Malik Montana przesadził? Jego akcja w McDonald's nie spodobała się fanom

Malik Montana przesadził? Jego akcja w McDonald's nie spodobała się fanom

Malik Montana w McDonald's
Malik Montana w McDonald's Źródło: TikTok / @malikmontana_official
Raper Malik Montana chciał zabłysnąć na TikToku. Skończyło się jednak na fali krytyki i kolejnej wpadce wizerunkowej.

Tiktokerzy narażeni są czasem na większą krytykę od innych influencerów. Podobnie rzecz ma się z raperami. Kiedy więc raper nagrywa tiktoki... powinien chyba szczególnie uważać na swoje posunięcia.
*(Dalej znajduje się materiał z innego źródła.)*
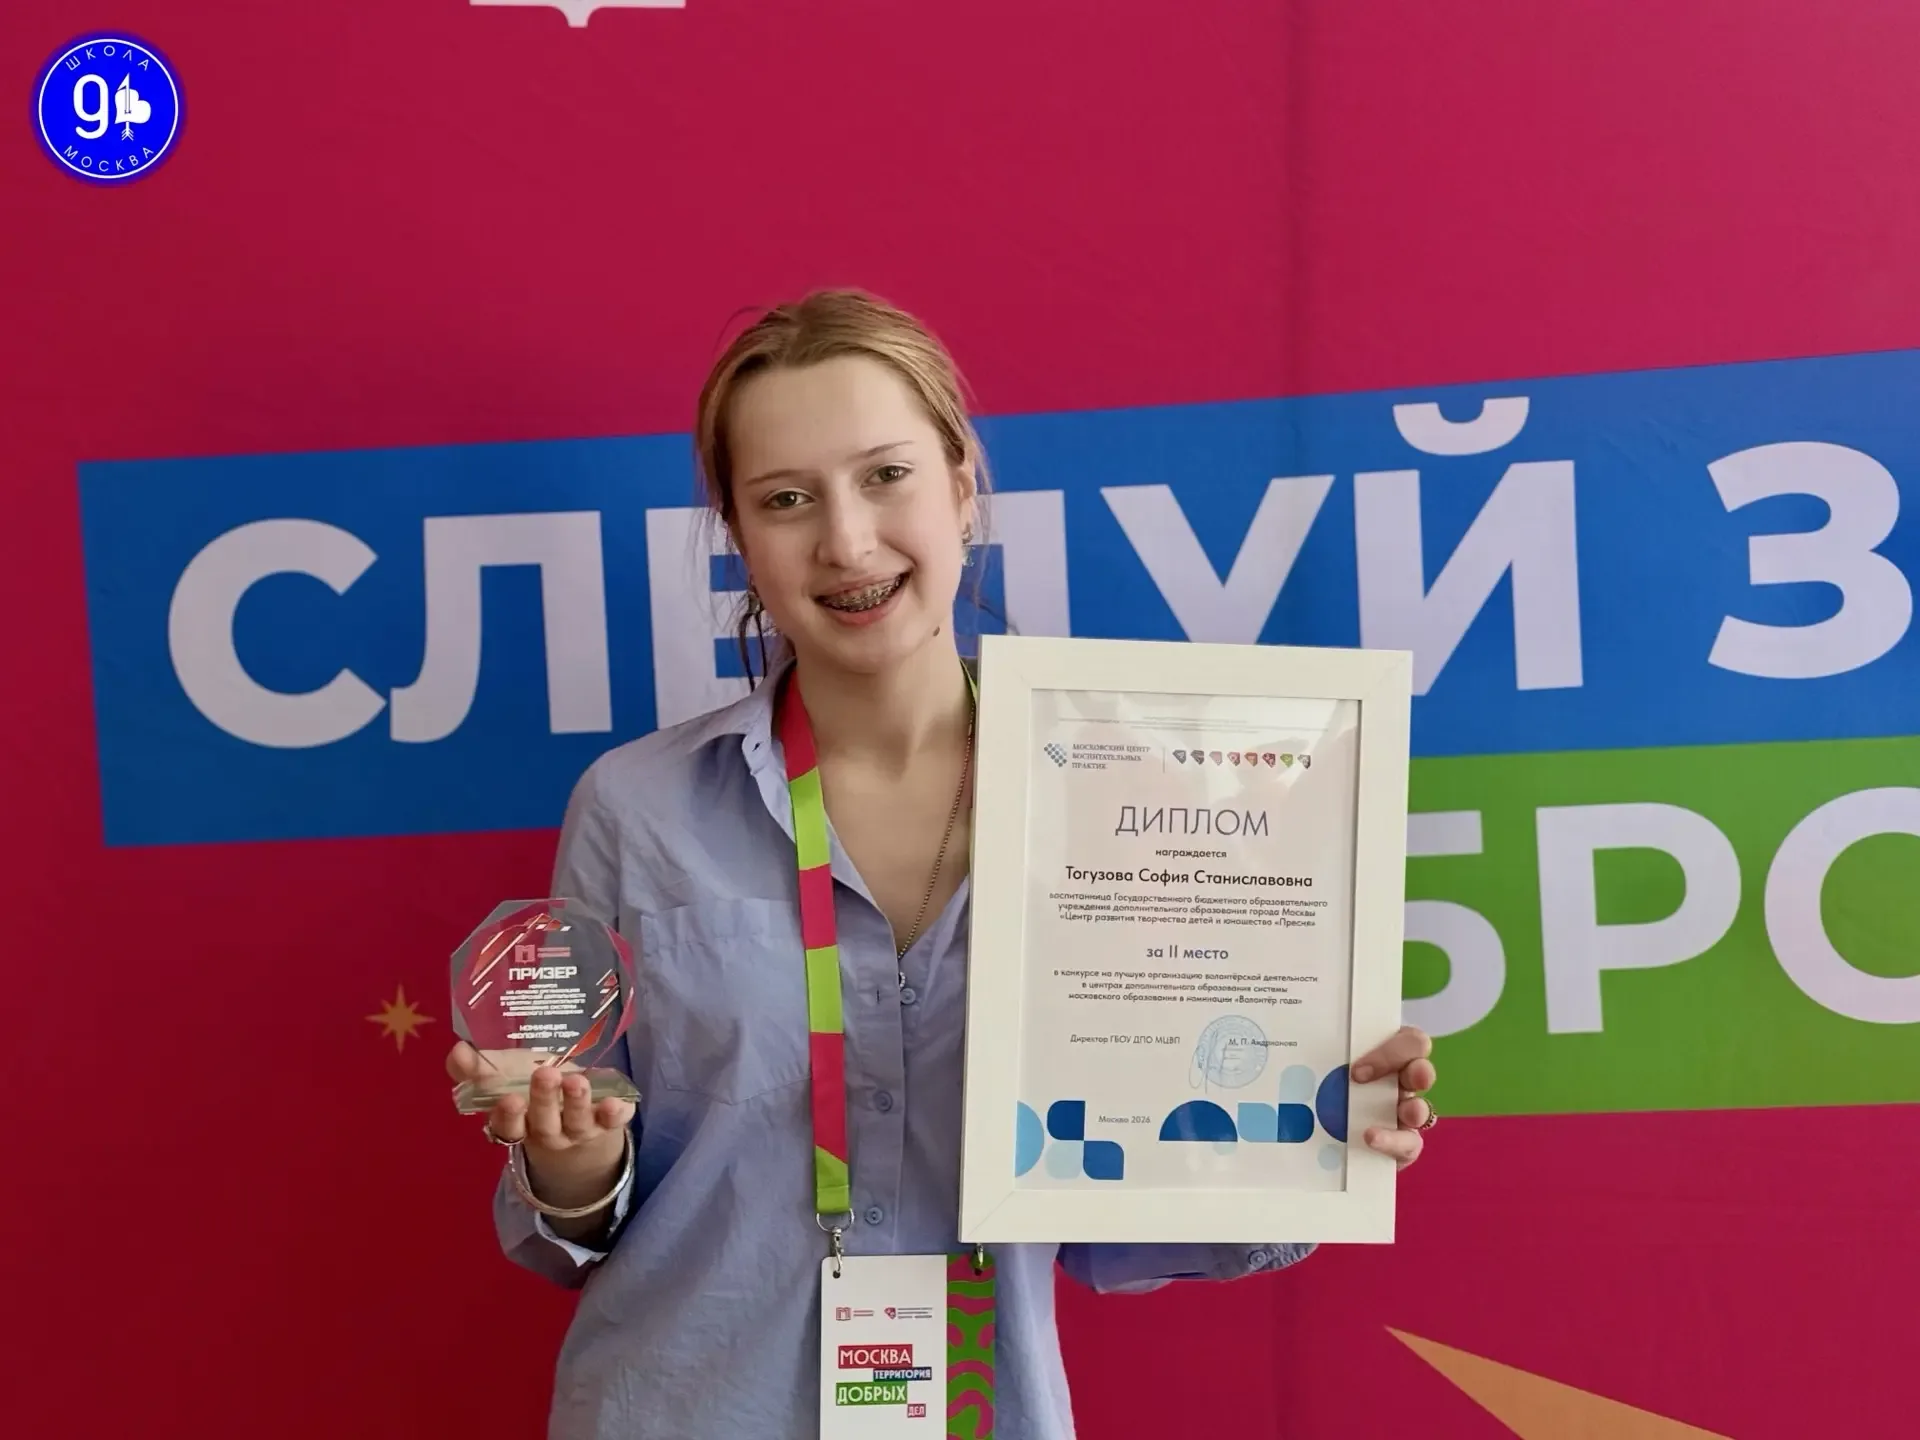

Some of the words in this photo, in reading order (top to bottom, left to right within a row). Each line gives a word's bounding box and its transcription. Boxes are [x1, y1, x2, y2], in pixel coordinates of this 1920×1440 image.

[1115, 805, 1269, 837] ДИПЛОМ
[1155, 849, 1227, 859] награждается
[1065, 866, 1134, 884] Тогузова
[1138, 868, 1189, 887] София
[1194, 869, 1313, 887] Станиславовна
[1049, 892, 1112, 901] воспитанница
[1114, 893, 1192, 904] Государственного
[1194, 895, 1247, 905] бюджетного
[1249, 897, 1328, 908] образовательного
[1058, 902, 1111, 912] учреждения
[1112, 903, 1188, 914] дополнительного
[1190, 905, 1247, 915] образования
[1249, 909, 1280, 917] города
[1281, 908, 1316, 917] Москвы
[1060, 911, 1093, 922] «Центр
[1095, 914, 1135, 923] развития
[1188, 916, 1214, 924] детей
[1274, 917, 1316, 928] «Пресня»
[1146, 948, 1164, 958] за
[1183, 948, 1229, 960] место
[508, 966, 578, 981] ПРИЗЕР
[1061, 969, 1100, 978] конкурсе
[1114, 971, 1145, 979] лучшую
[1147, 971, 1203, 980] организацию
[1205, 972, 1262, 982] волонтёрской
[1263, 975, 1319, 983] деятельности
[1089, 982, 1123, 990] центрах
[1125, 983, 1196, 991] дополнительного
[1197, 983, 1251, 992] образования
[1122, 993, 1177, 1002] образования
[1186, 996, 1233, 1004] номинации
[1279, 997, 1303, 1005] года»
[1070, 1034, 1109, 1044] Директор
[1110, 1035, 1132, 1044] ГБОУ
[1132, 1035, 1153, 1044] ДПО
[1098, 1115, 1130, 1123] Москва
[840, 1348, 912, 1366] МОСКВА
[874, 1368, 931, 1380] ТЕРРИТОРИЯ
[837, 1385, 906, 1405] ДОБРЫХ
[908, 1405, 925, 1417] ДЕЛ
Być może bierze się to stąd, że w porównaniu z innymi aplikacjami oraz innymi gatunkami muzycznymi rap i TikTok są wciąż stosunkowo młode. A może mają po prostu młodszą publikę, więc wymaga się od nich nieco więcej?
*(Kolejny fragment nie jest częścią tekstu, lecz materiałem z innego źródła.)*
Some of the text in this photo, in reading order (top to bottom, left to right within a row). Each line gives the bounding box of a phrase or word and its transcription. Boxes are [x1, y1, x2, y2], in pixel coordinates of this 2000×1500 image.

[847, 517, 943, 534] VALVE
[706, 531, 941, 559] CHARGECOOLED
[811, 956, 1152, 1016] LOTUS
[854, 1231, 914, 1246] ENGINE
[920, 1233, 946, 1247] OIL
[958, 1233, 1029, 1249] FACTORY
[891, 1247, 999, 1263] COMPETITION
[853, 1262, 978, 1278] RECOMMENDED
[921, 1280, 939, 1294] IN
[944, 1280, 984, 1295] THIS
Możliwe w końcu, że po prostu są w ostatnich latach na czasie i zwyczajnie komentuje się potknięcia raperów i tiktokerów, ponieważ budzi to większe zainteresowanie niż wyskoki rockmanów i youtuberów.

Malik Montana tańczył na ladzie w McDonald's

Jakkolwiek by to nie wyglądało, tylko tak tłumaczyć możemy ostatnie zamieszanie wokół Malika Montany. Trudno przecież uznać jego najnowszy wybryk jako szczególnie gorszący. Zdecydowanie widzieliśmy głupsze i bardziej szkodliwe rzeczy niż taniec na kontuarze w McDonald's.

Tymczasem popularnego warszawskiego rapera oraz włodarza High League spotkała dość spora fala krytyki w mediach społecznościowych. Zniesmaczeni internauci podkreślają, że rzecz miała miejsce w fast foodzie, przy produkcji i wydawaniu jedzenia. Nie wiedzieć czemu niektórzy przekonują, że lepiej byłoby, gdyby Malik przynajmniej ściągnął buty.

Kontrowersyjny box od Malika Montany

Możliwe, że Malika Montanę krytykuje się też nieco mocniej po ostatnim zamieszaniu ze specjalnymi wydaniami jego płyt. W tzw. boxach umieścił on zawartość, która niekoniecznie spodobała się fanom. W drogich, bo kosztujących 450 zł paczkach, zamawiający znaleźli m.in. kadzidełka, świeczkę, 2 CD, lampkę LED, pozaginany plakat i płaszcz przeciwdeszczowy.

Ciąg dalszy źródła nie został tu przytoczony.